Is there a way to express the following relationship?

I'm sorry for the bad title, I have no clue how to express the issue in a single line

Recently, I was making an implementation for the visitor pattern in rust, and I wanted to use generic traits for each different node instead of just having a huge trait with a bunch of "visit_expr" and "visit_operation" methods.

I wanted to express the following relationship:

// A trait that says that a type can traverse a family of nodes
trait Visitor<F> where F : NodeFamily {
  type Output;
}

// A trait for implementing the visiting logic for each different node
trait Visit<N> : Visitor<N::Family> where N : Node {
  fn visit(&mut self, node: &N) -> Self::Output;
}

// A trait to be implemented on each node for declaring which family it belongs to
trait Node {
  type Family: NodeFamily;
}

// A type that implements this node would group different nodes together;
// likely to be implemented on an enum or a type containing Box<dyn Node<Family = Self>>...
trait NodeFamily : Sized {
  // this function would be responsible for routing the visitor to the proper nodes
  fn accept<V>(&self, v: &mut V) -> <V as Visitor<Self>>::Output
  where
    V : Visitor<Self>,
    // here comes the tricky bit, we also want V to know how to visit every possible node that belongs to our family:
    for<N : Node<Family = Self>> V : Visit<N>;
}

I am aware that last bit isn't rust code, but I based it off the for<> syntax that we have for lifetimes, I don't believe that today in rust we can express that relationship, but what would be a proper, or idiomatic, way of doing this?

Is there a precedent for semantics like this in other languages? And could something like this eventually come to rust?

One problem I realized that this could lead to is: an external crate could declare a new type that implements node for a family it doesn't own, and this could break external code that has a visitor for that family since there would be no Visit implementation for that new node.

I was able to solve my problem by moving the generic Visitor to the trait level rather than the function, which allows us to put trait bounds on the impl blocks, but it feels hacky (so much that I made a macro that does that since it becomes a lot of boilerplate) Here's the macro line that ensures this relationship of V must implement Visit for all N that implements Node<Family = Self>: visita/node_group.rs at main · jvcmarcenes/visita · GitHub (the naming is a bit different and the crate isn't documented yet, but it shows what I'm talking about)

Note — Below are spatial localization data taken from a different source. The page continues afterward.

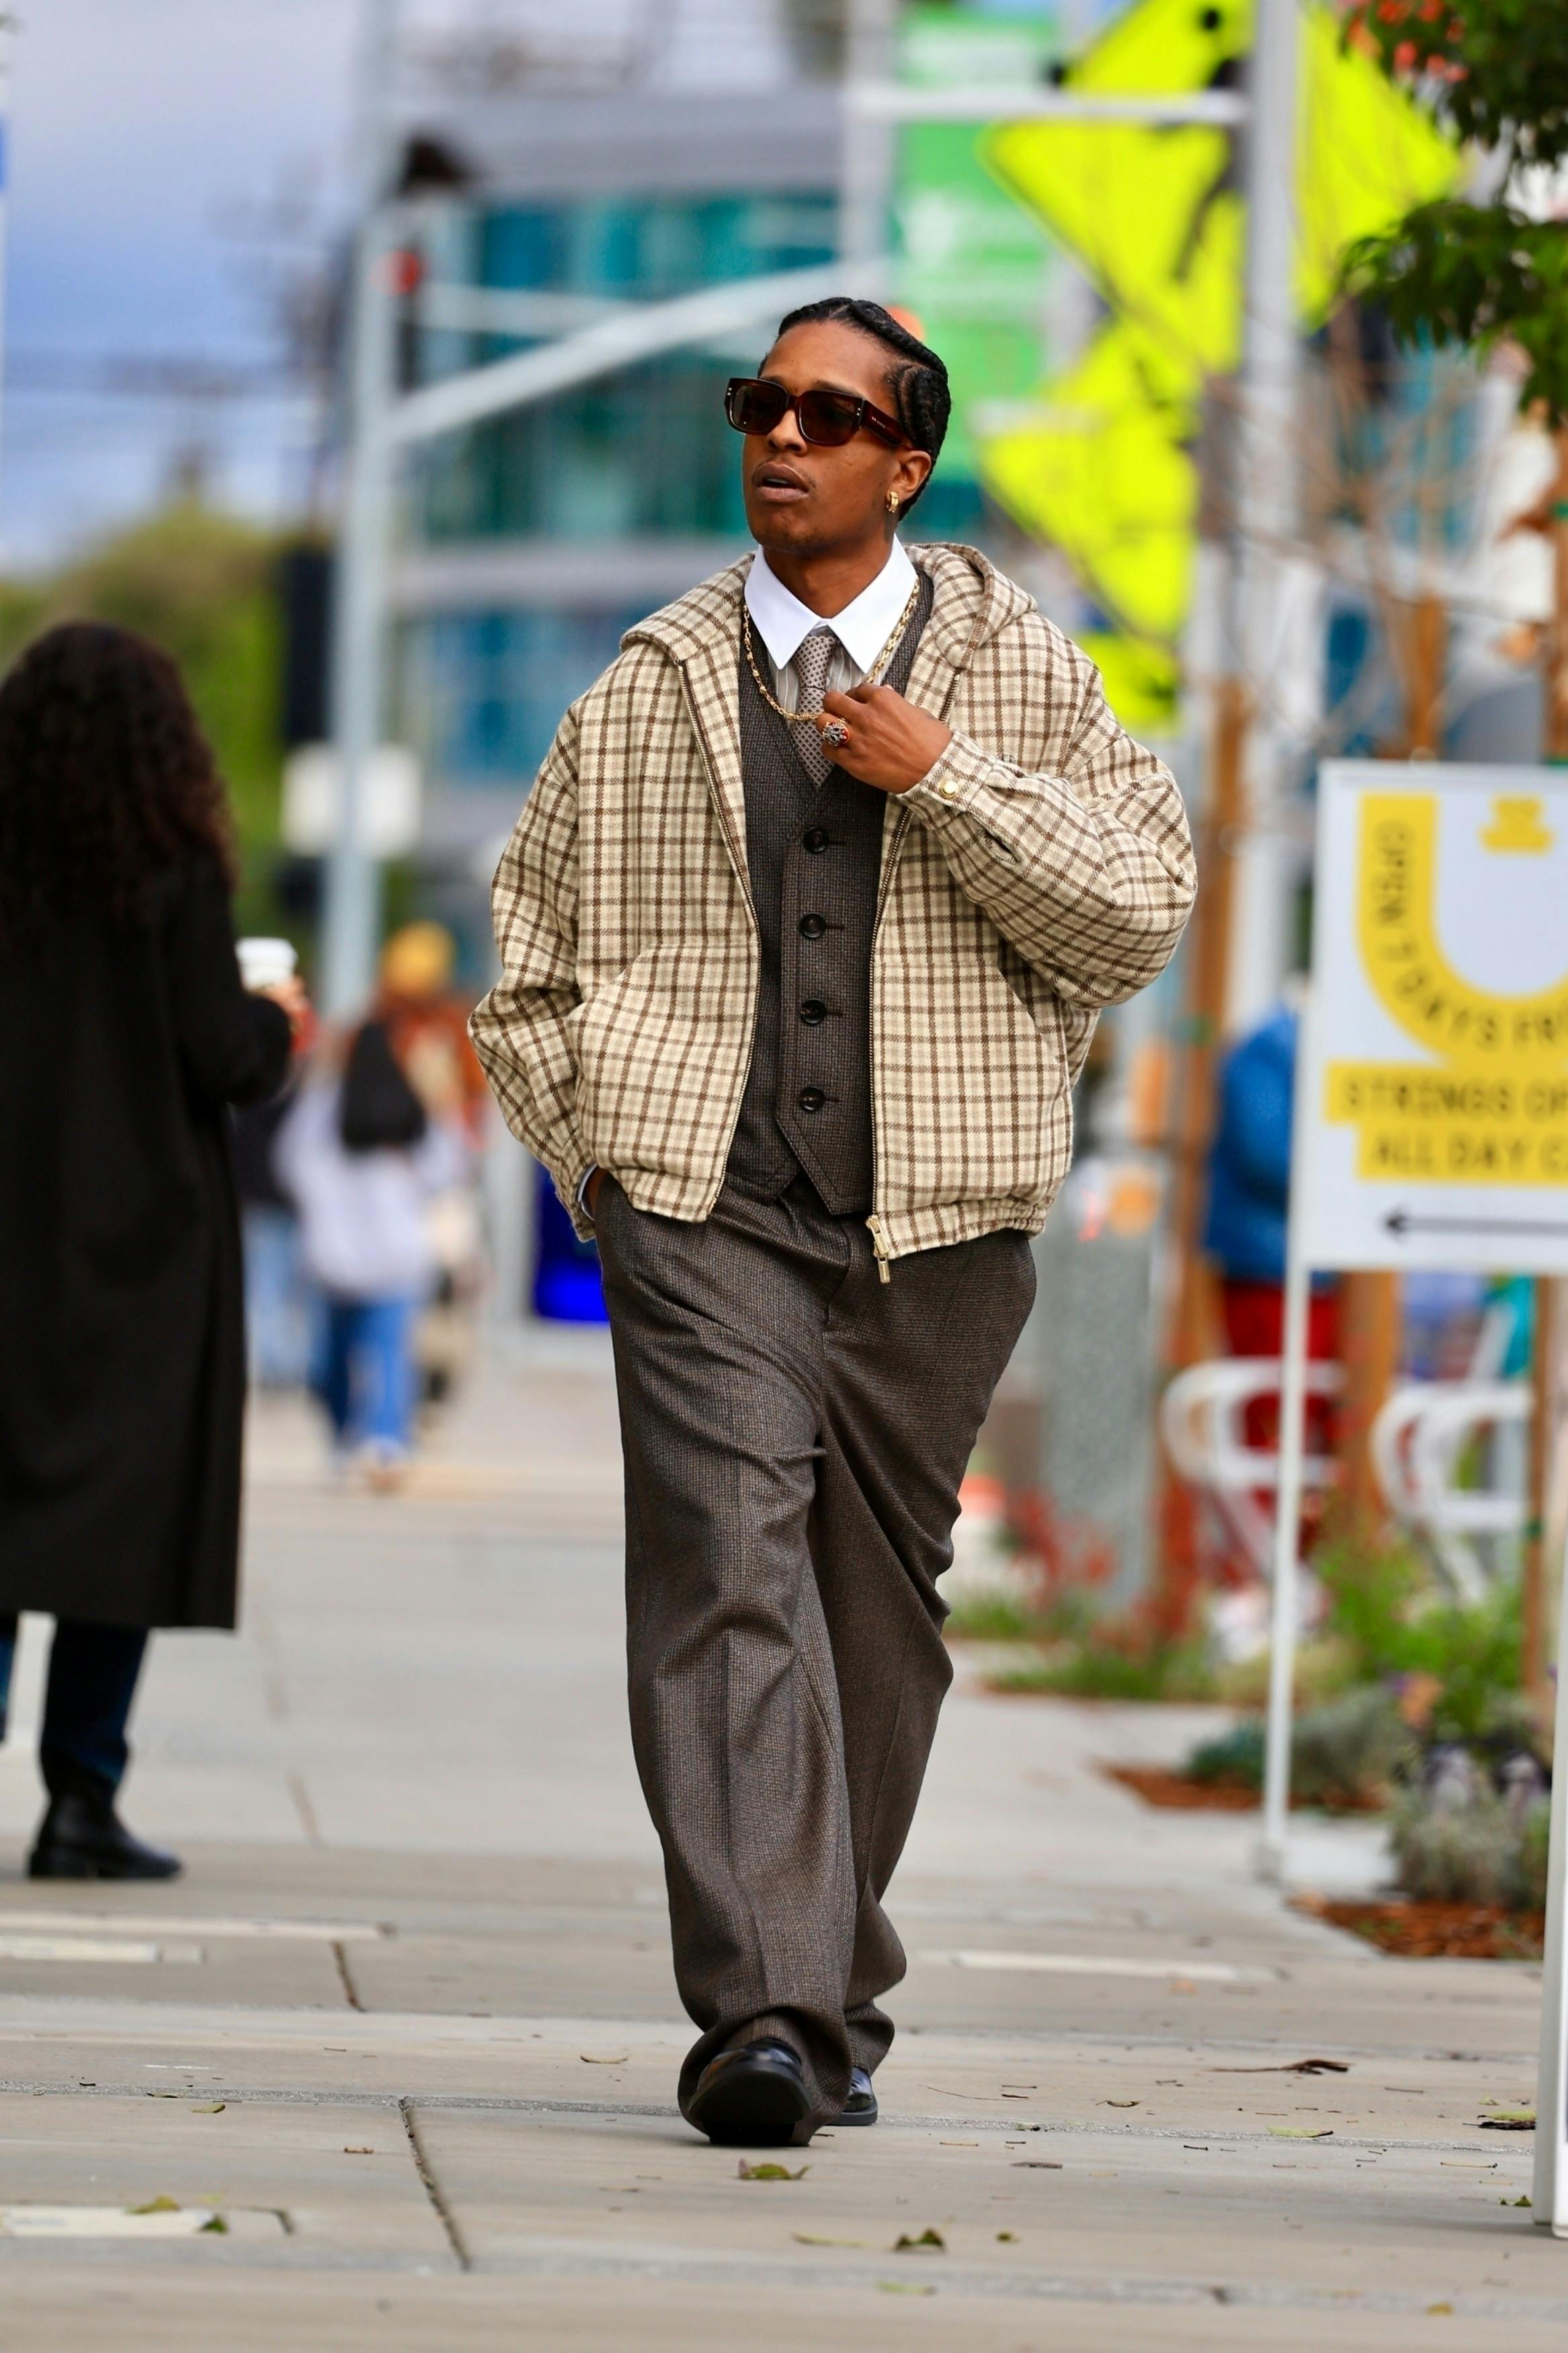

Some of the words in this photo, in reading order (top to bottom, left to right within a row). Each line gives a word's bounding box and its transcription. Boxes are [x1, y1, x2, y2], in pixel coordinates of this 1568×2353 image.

[1374, 820, 1414, 927] OPEN
[1393, 963, 1508, 1047] DAYS
[1512, 1003, 1568, 1047] FR
[1372, 1131, 1436, 1170] ALL
[1446, 1132, 1531, 1173] DAY
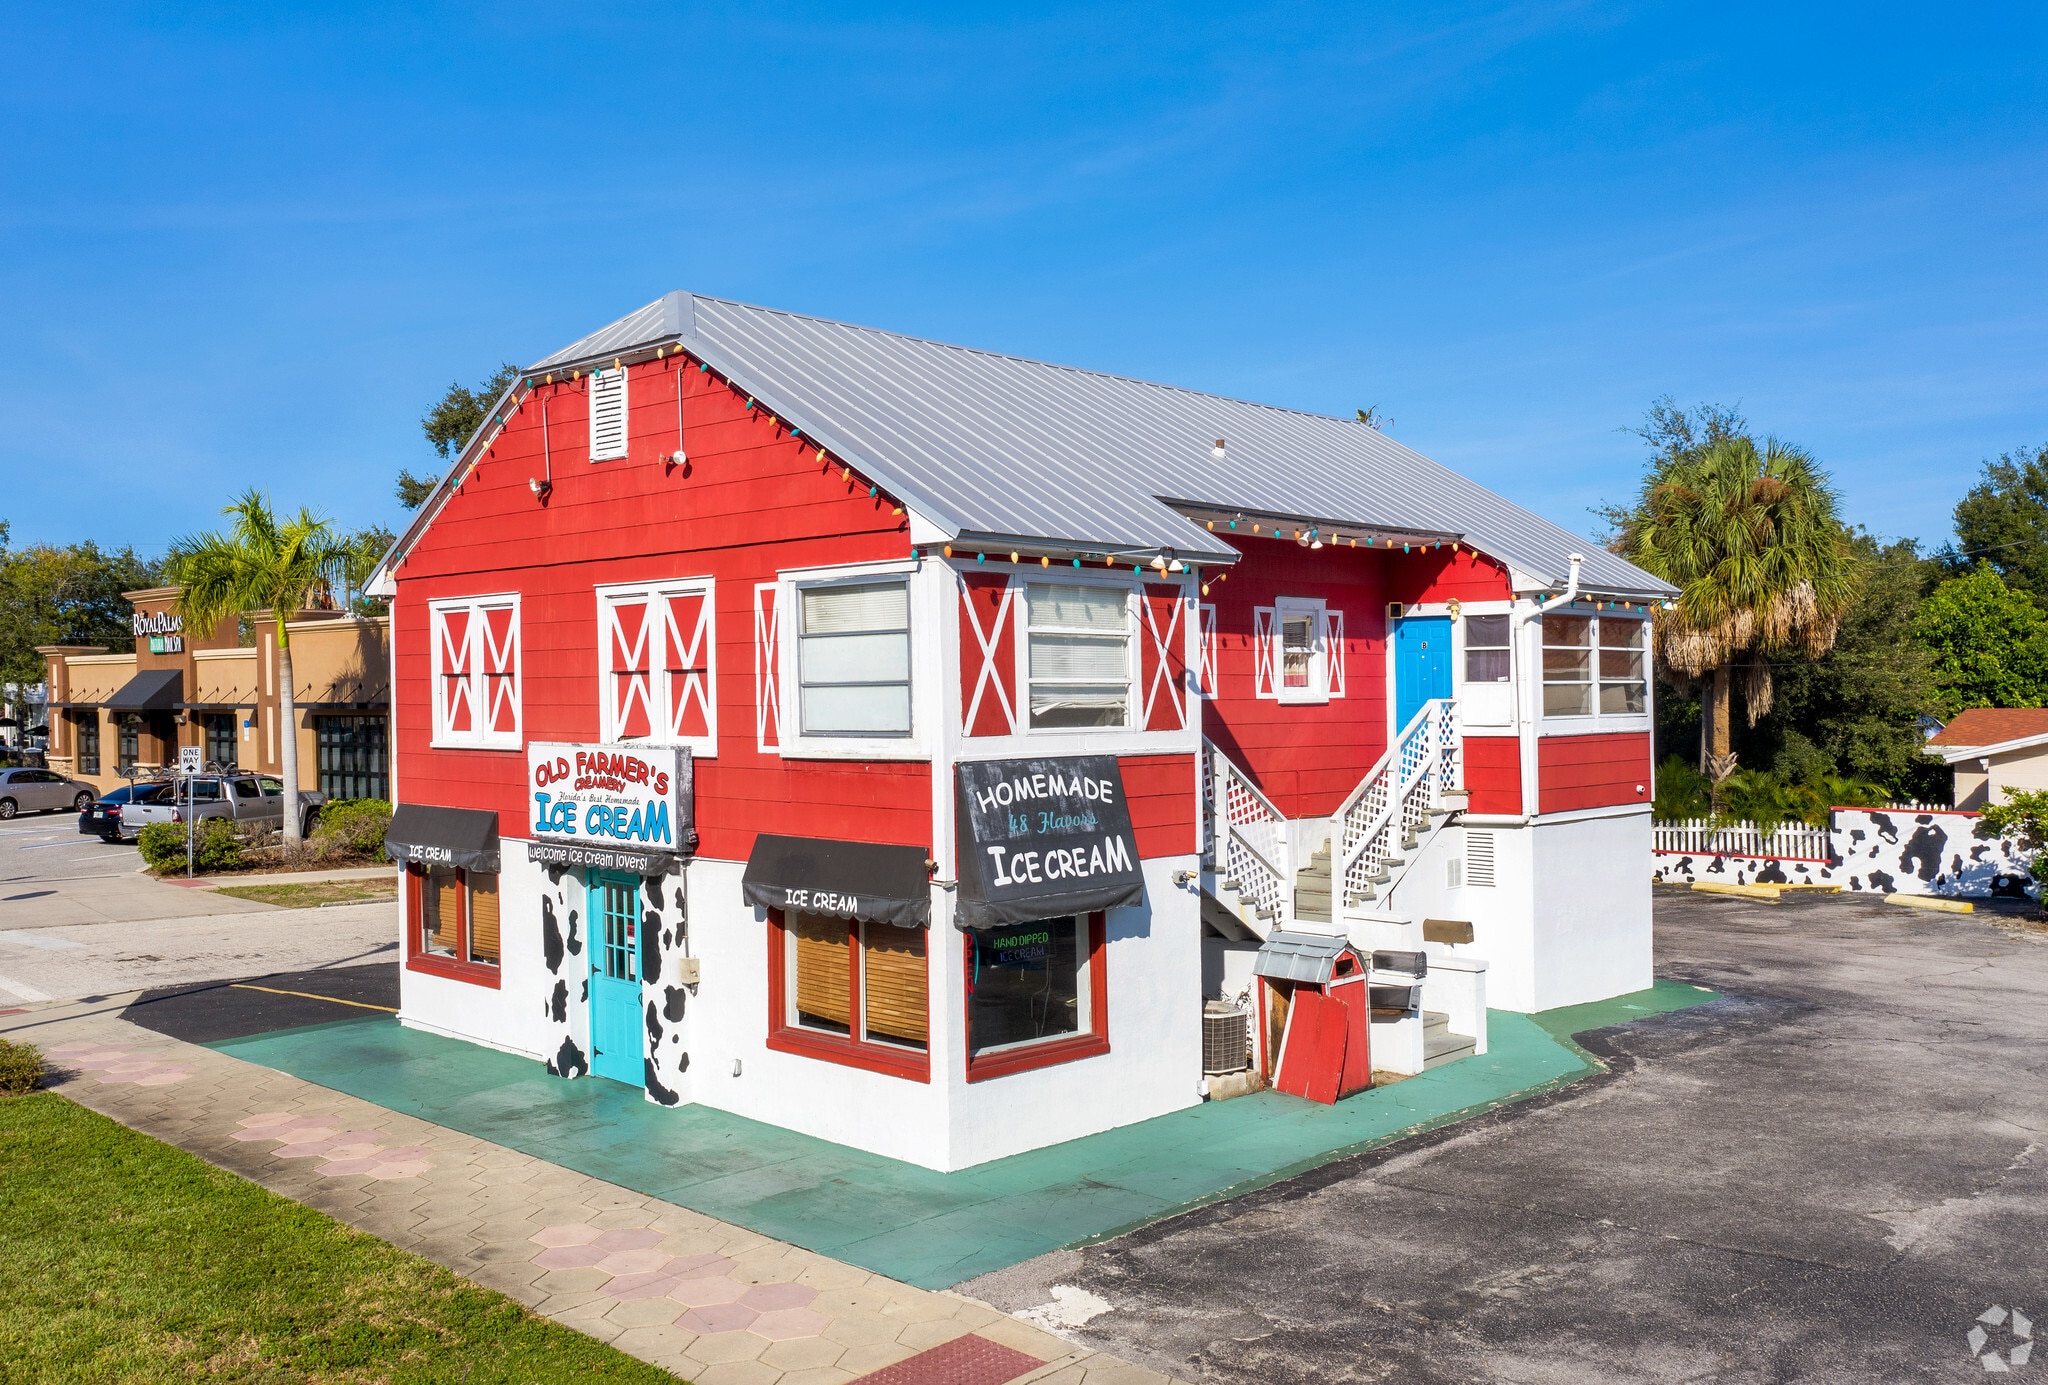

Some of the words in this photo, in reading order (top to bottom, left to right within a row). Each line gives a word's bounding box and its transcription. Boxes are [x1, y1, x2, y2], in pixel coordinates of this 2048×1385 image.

[133, 613, 158, 636] ROYAL
[183, 748, 200, 756] ONE
[183, 756, 200, 764] WAY
[535, 757, 570, 787] OLD
[576, 751, 669, 795] FARMER'S
[574, 775, 626, 793] CREAMERY
[558, 790, 586, 802] Florida's
[588, 793, 603, 804] Best
[604, 794, 641, 806] Homemade
[976, 774, 1113, 813] HOMEMADE
[535, 792, 577, 834] ICE
[585, 800, 671, 844] CREAM
[1008, 813, 1028, 834] 48
[1036, 811, 1099, 834] Flavors
[408, 844, 423, 858] ICE
[425, 846, 452, 862] CREAM
[529, 846, 566, 861] welcome
[568, 848, 583, 862] ice
[584, 851, 614, 867] cream
[616, 854, 648, 870] lovers!
[986, 846, 1043, 887] ICE
[1044, 834, 1133, 880] CREAM
[785, 888, 808, 907] ICE
[812, 892, 858, 913] CREAM
[993, 935, 1018, 949] HAND
[1018, 932, 1049, 946] DIPPED
[999, 950, 1012, 962] ICE
[1014, 946, 1045, 960] CREAM

I think this is why it's not possible as stated -- the orphan rules are designed to avoid this sort of breakage at a distance. To avoid this sort of breakage, you would have to have a way to force implementors of Visit<N> to only do so with a blanket implementation that didn't exclude any Nodes (local, current, foreign, or future):

impl<F, N: Node<Family = F>> Visit<N> for Me { /* ... */ }

You can't do force this on the implementation level, but you can move it internal to the trait:

trait Visit<F: NodeFamily>: Visitor<F> {
    // Implementors have to be able to handle any arbitrary `Node`
    // from the `NodeFamily`
    fn visit<N: Node<Family = F>>(&mut self, node: &N) -> Self::Output;
}

At which point there's no reason to keep Visitor and Visit separate.

But you lose the ability to have an implementation per Node type, so I suspect this doesn't meet your desired behavior.

There may still be a way by making something more generic and then constraining that (sorry for being so vague, it's just a tickle in my mind), but I don't have time to play with it more at the moment.

But you lose the ability to have an implementation per Node type, so I suspect this doesn't meet your desired behavior.

Yeah, the whole point of the visitor pattern would be to have different implementations for each node...

As I said, I think that what I wanted to do is impossible currently in rust, and because of the orphan rule, may never be possible

To be fairly honest Rust generally doesn't cope well with traditional object-oriented design patterns, because Rust is not an object-oriented programming language.
Often you can adapt some concepts of the design pattern to make it comply with Rust but sometimes you just have to accept that its completely feasible for an OOP pattern to simply not be translatable into Rust code, which is fine imho, because Rust was not designed for these patterns but rather brings its own patterns to the table.